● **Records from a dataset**
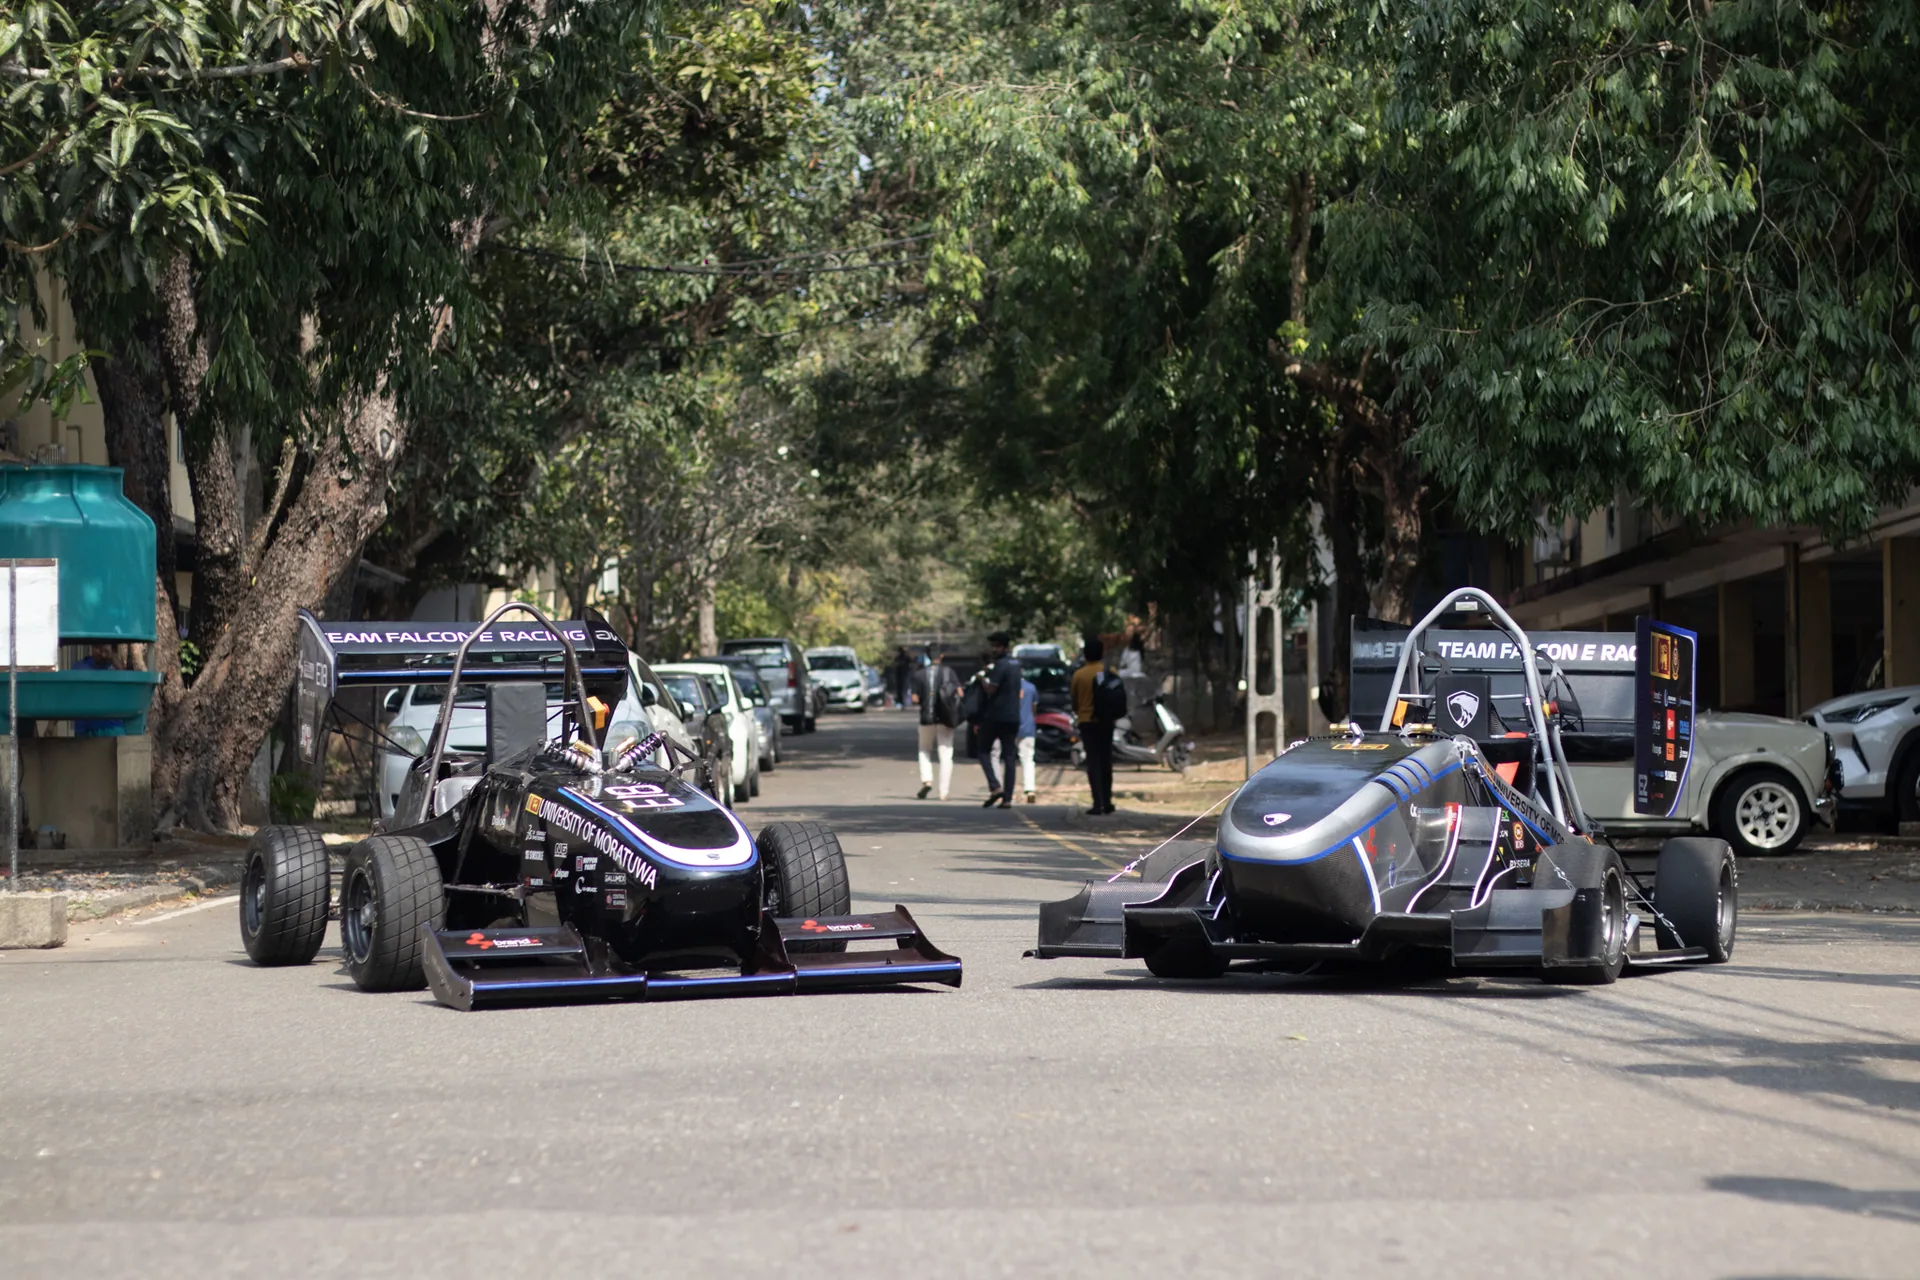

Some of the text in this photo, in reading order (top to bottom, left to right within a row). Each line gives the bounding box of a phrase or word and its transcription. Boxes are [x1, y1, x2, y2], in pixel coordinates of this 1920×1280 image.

[325, 632, 382, 643] EAM
[480, 631, 493, 642] E
[1438, 641, 1496, 659] TEAM
[1500, 642, 1578, 661] FACON
[1580, 644, 1597, 660] E
[1493, 776, 1539, 824] UNIVERSITY
[1540, 817, 1551, 832] OF
[538, 798, 657, 891] UNIVERSITY OF MORATUWA
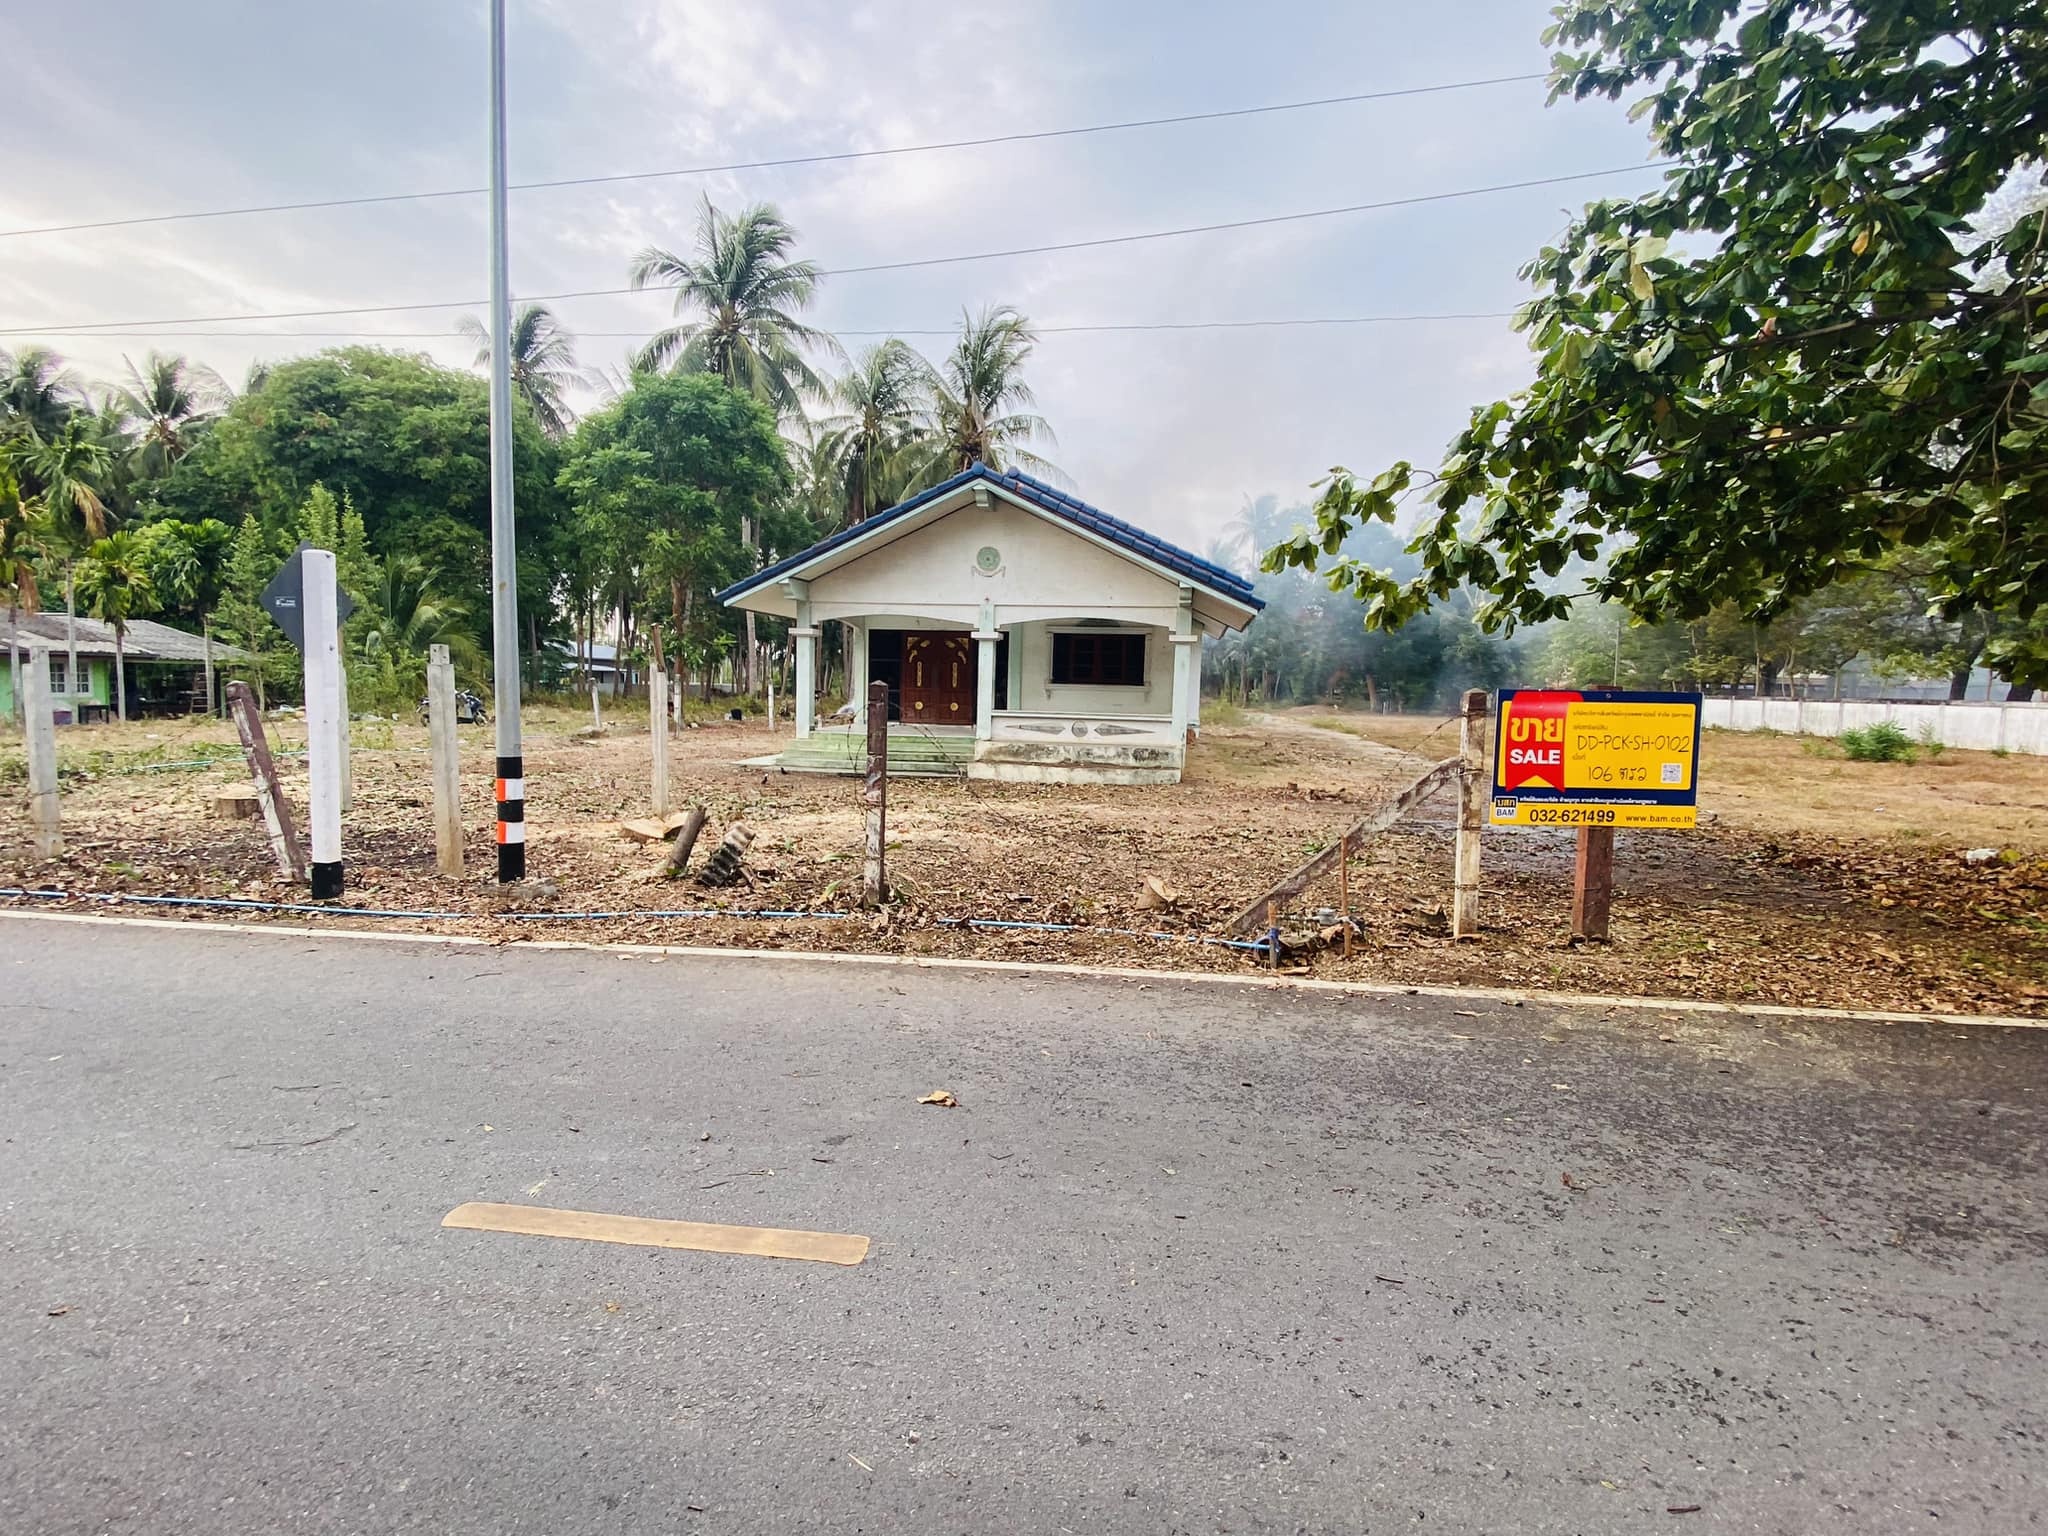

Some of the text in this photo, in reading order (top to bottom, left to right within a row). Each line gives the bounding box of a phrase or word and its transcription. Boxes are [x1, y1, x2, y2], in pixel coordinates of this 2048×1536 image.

● **Your objective**
From the first line to the last, write out the data exactly, omitting any pictures.

● **Output for this exercise**
Some of the text in this photo, in reading order (top to bottom, left to right within a row). Each line gives the bounding box of a phrase or word and its transcription. Boxes are [x1, y1, x2, y2], in pixel coordinates of this 1920×1280 image.

[325, 632, 382, 643] EAM
[480, 631, 493, 642] E
[1438, 641, 1496, 659] TEAM
[1500, 642, 1578, 661] FACON
[1580, 644, 1597, 660] E
[1493, 776, 1539, 824] UNIVERSITY
[1540, 817, 1551, 832] OF
[538, 798, 657, 891] UNIVERSITY OF MORATUWA

Some of the text in this photo, in reading order (top to bottom, left to right within a row). Each line gives the bounding box of a phrase or word and its transcription. Boxes are [x1, y1, x2, y2], in pixel coordinates of this 2048×1536 image.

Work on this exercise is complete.